* [About this task]:
Could you repeat all of the entries word for word, minus any pictures?
Data for analysis section start
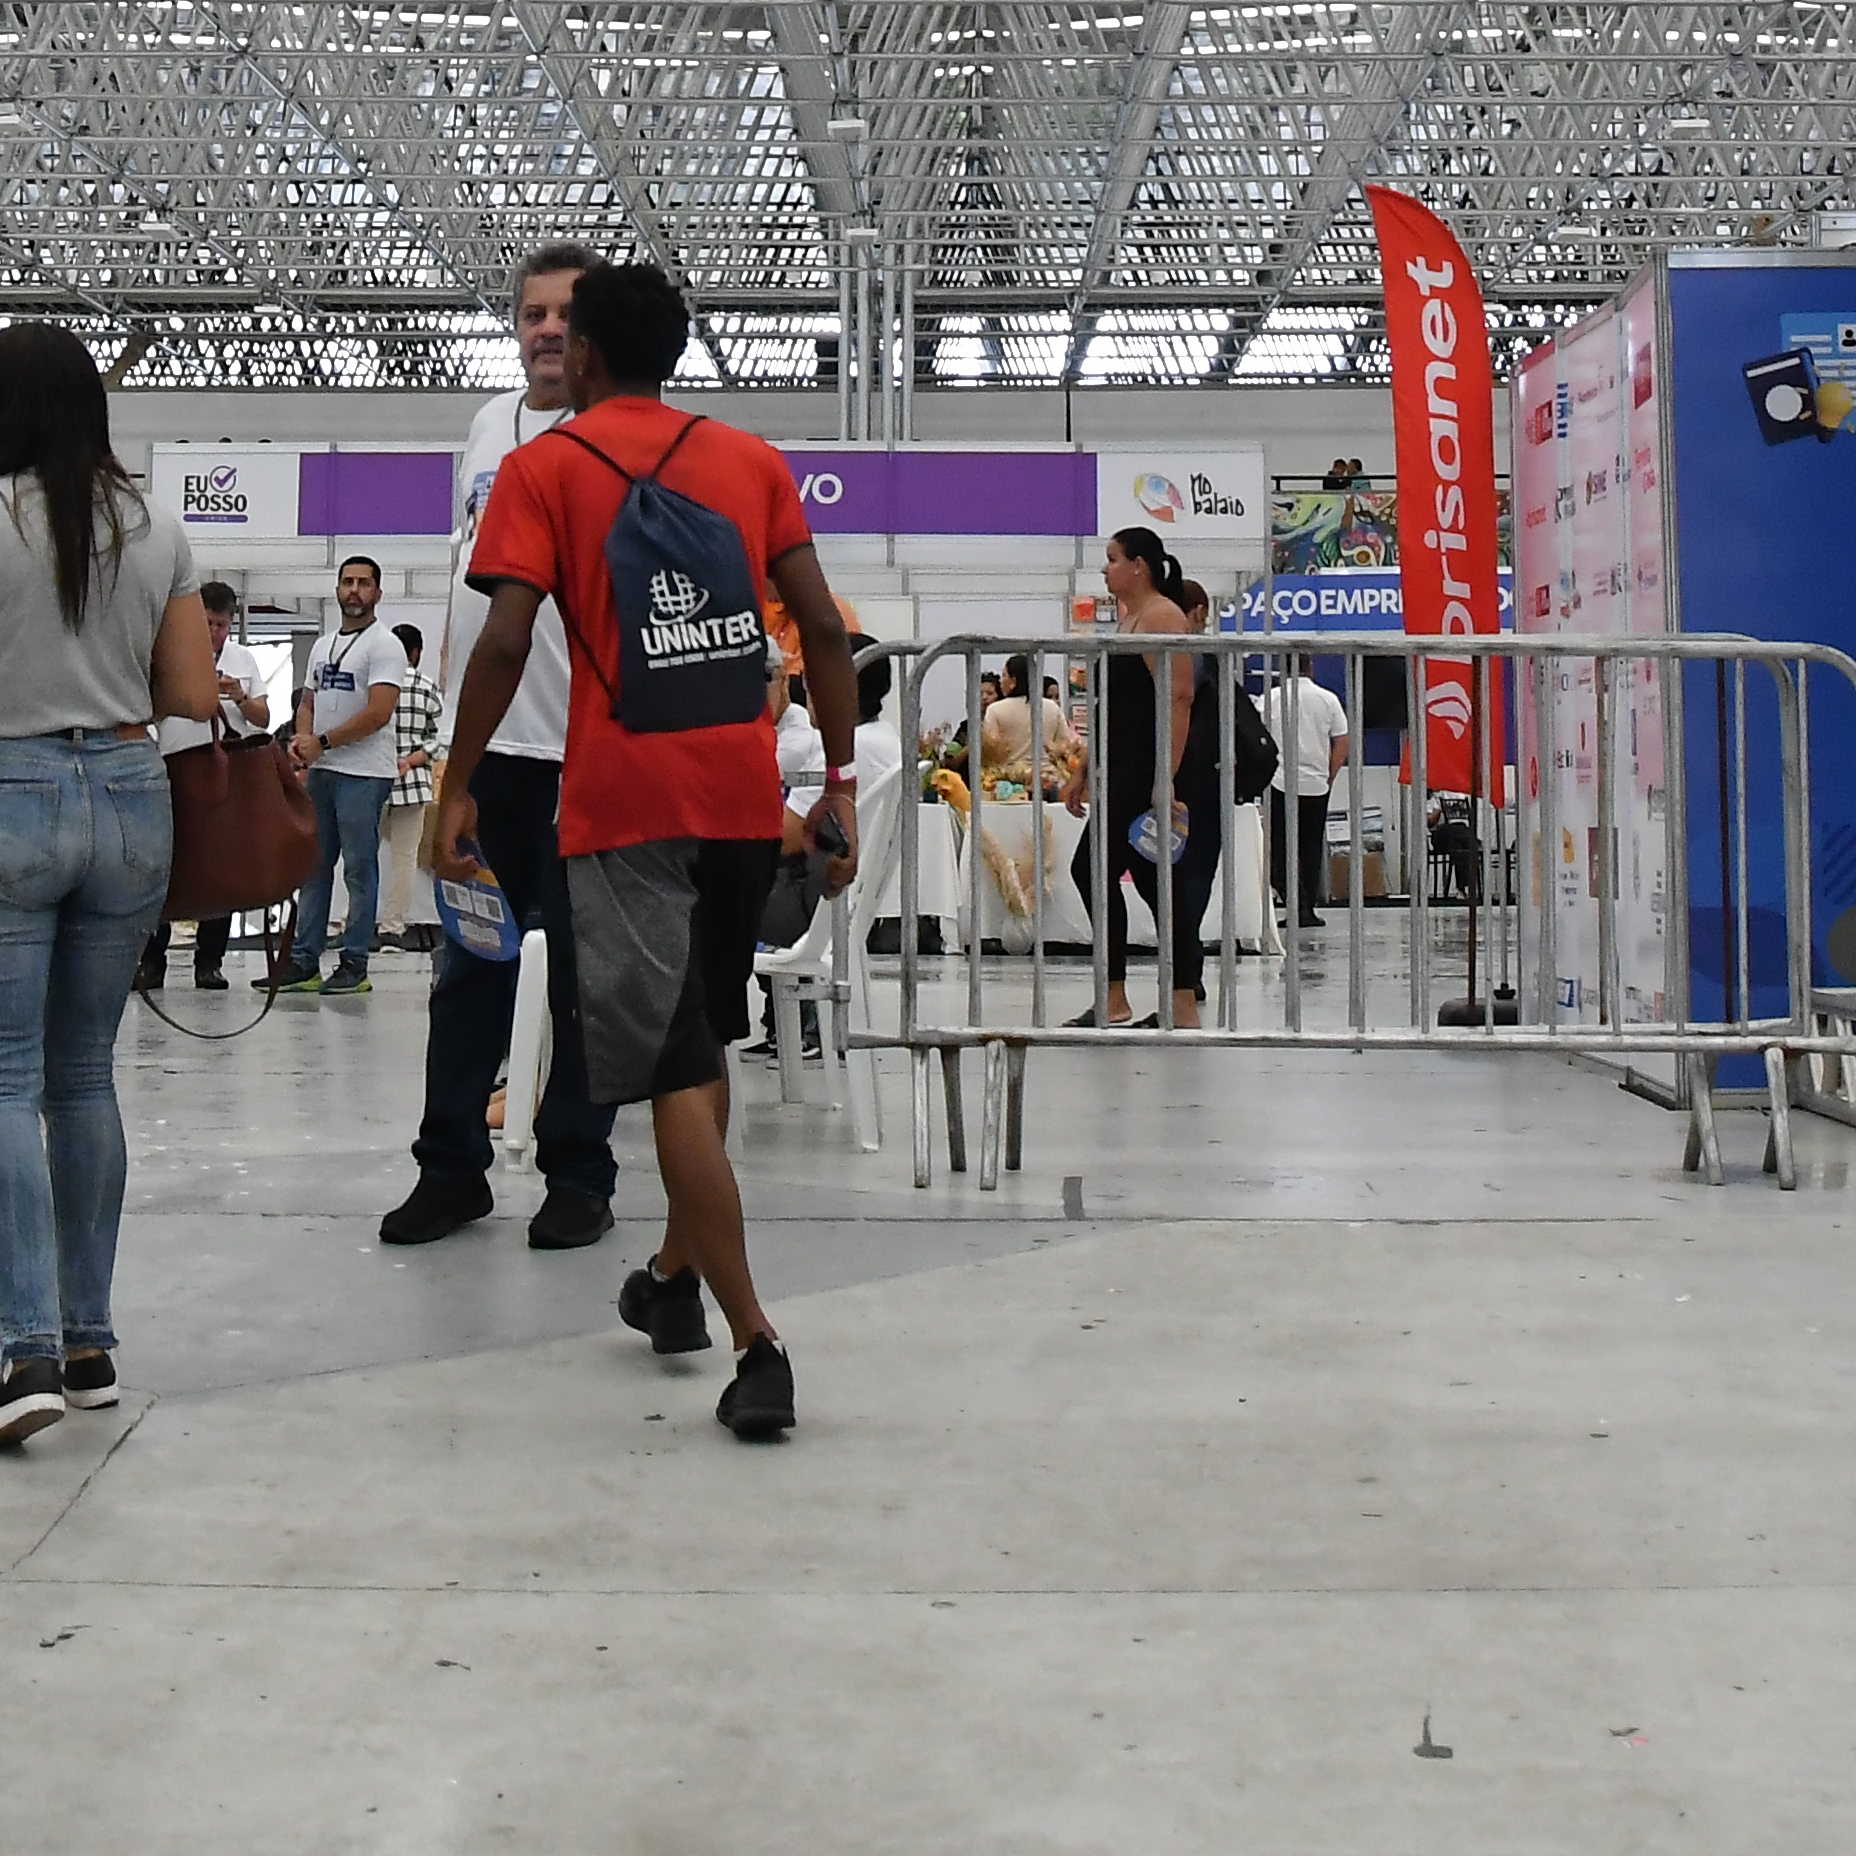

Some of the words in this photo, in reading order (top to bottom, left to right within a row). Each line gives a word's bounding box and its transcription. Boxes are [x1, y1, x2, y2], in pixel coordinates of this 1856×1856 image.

[184, 475, 208, 493] EU
[183, 494, 248, 513] POSSO
[1192, 491, 1245, 517] balaio
[640, 609, 761, 656] UNINTER
Data for analysis section end
* [Answer space]:
Some of the words in this photo, in reading order (top to bottom, left to right within a row). Each line gives a word's bounding box and its transcription. Boxes are [x1, y1, x2, y2], in pixel coordinates of this 1856×1856 image.

[184, 475, 208, 493] EU
[183, 494, 248, 513] POSSO
[1192, 491, 1245, 517] balaio
[640, 609, 761, 656] UNINTER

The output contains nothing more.